A 29-year time series of annual 300-metre resolution plant functional type maps for climate models

The existing CCI Medium Resolution land cover (MRLC) product delineates 22 primary and 15 secondary land cover classes at 300-meter resolution with global coverage and an annual time step extending from 1992 to the present. Previously, translation of the land cover classes into the plant functional types (PFTs) used by the Earth system and land surface models required the use of the CCI global cross-walking table that defines, for each land cover class, an invariant PFT fractional composition for every pixel of the class regardless of geographic location. Here, we present a new time series data product that circumvents the need for a cross-walking table. We use a quantitative, globally consistent method that fuses the 300-meter MRLC product with a suite of existing high-resolution datasets to develop spatially explicit annual maps of PFT fractional composition at 300 meters. The new PFT product exhibits intraclass spatial variability in PFT fractional cover at the 300-meter pixel level and is complementary to the MRLC maps since the derived PFT fractions maintain consistency with the original land cover class legend. This was only possible by ingesting several key 30m resolution global binary maps like the urban, the open water, the tree cover, and the tree height while controlling their compatibility thanks to the MRLC maps.
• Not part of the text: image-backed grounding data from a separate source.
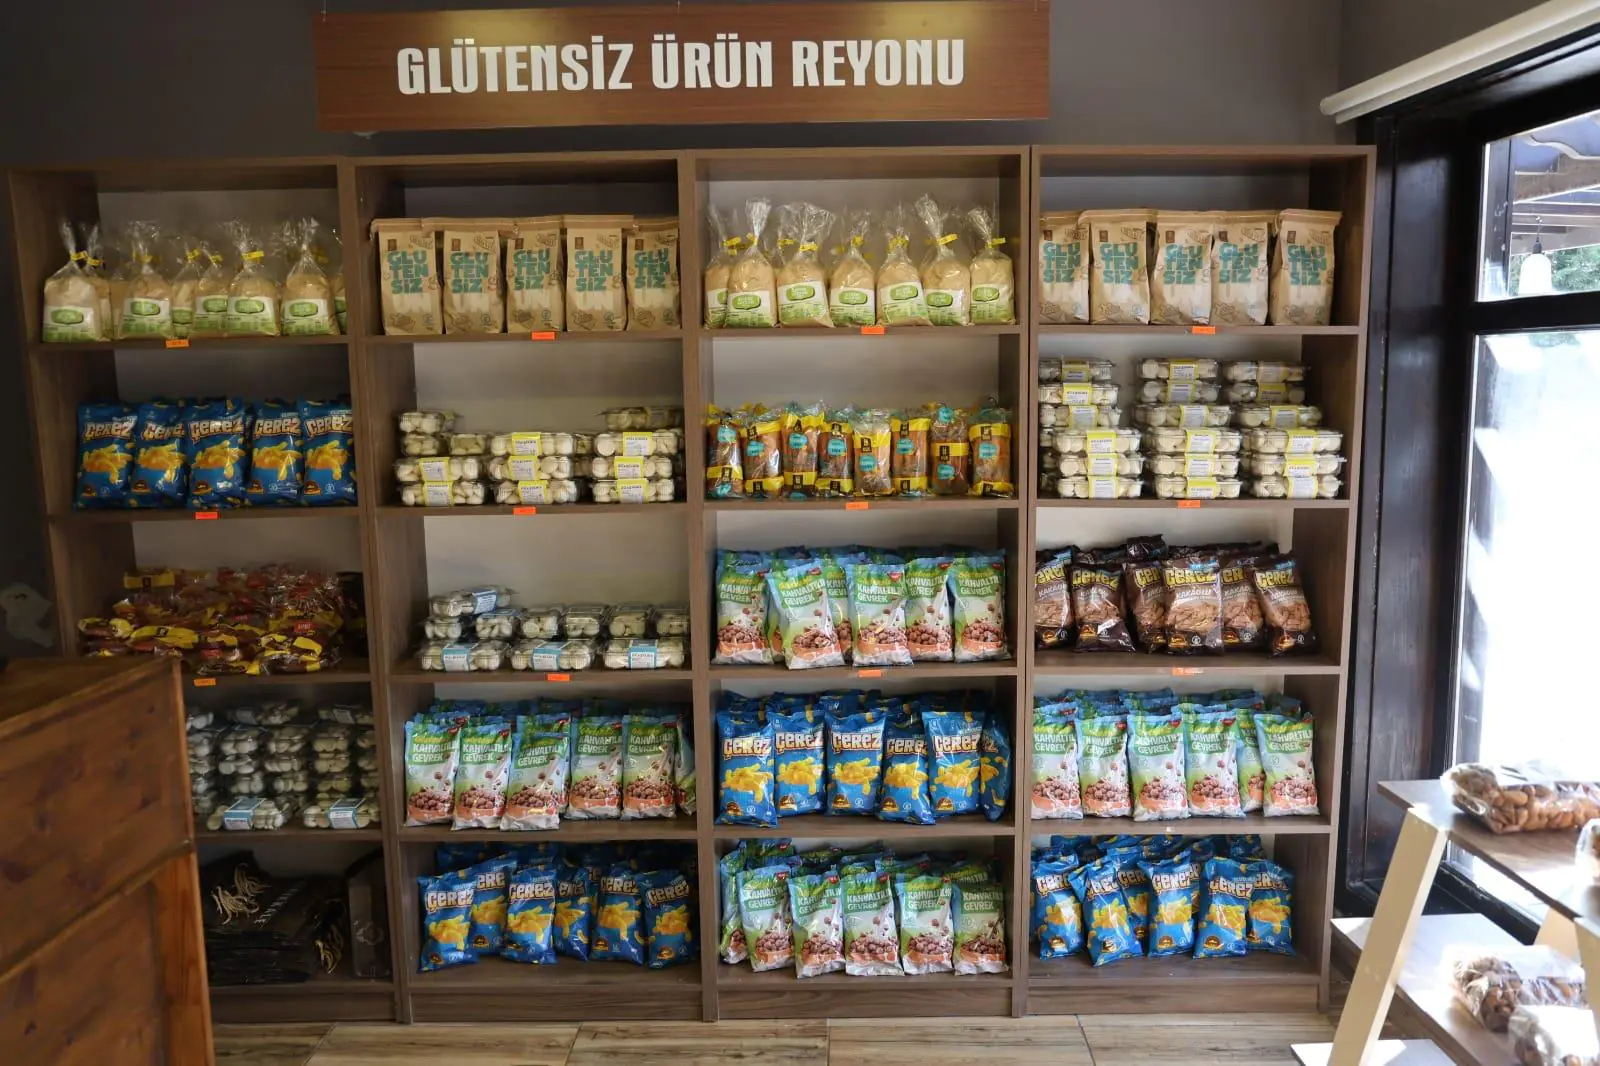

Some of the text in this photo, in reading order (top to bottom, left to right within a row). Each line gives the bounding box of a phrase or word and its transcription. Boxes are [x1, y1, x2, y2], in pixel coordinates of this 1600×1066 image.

[397, 33, 965, 95] GLÜTENSİZ ÜRÜN REYONU
[577, 744, 608, 754] GEVREK
[1034, 743, 1066, 752] GEVREK
[1137, 744, 1170, 754] GEVREK
[1191, 742, 1221, 751] GEVREK
[1271, 741, 1301, 751] GEVREK
[412, 753, 443, 762] GEVREK
[463, 753, 493, 762] GEVREK
[518, 755, 548, 767] GEVREK
[847, 902, 878, 911] GEVREK
[908, 900, 937, 909] GEVREK
[964, 901, 994, 911] GEVREK
This dataset is a significant step forward towards ready-to-use PFT descriptions for climate modelling at the pixel level. For each of the 29 years, 14 new maps are produced (one for each of 14 PFTs: bare soil, surface water, permanent snow and ice, built, managed grasses, natural grasses, and trees and shrubs each split into broadleaved evergreen, broadleaved deciduous, needleleaved evergreen, and needleleaved deciduous), with data values at 300-meter resolution indicating the percentage cover (0–100%) of the PFT in the given year. Based on land surface model simulations (ORCHIDEE and JULES models), we find significant differences in simulated carbon, water, and energy fluxes in some regions using the new PFT data product relative to the global cross-walking table applied to the MRLC maps. We additionally provide an updated user tool to assist in creating model-ready products to meet individual user needs (e.g., re-mapping, re-projection, PFT conversion, and spatial sub-setting).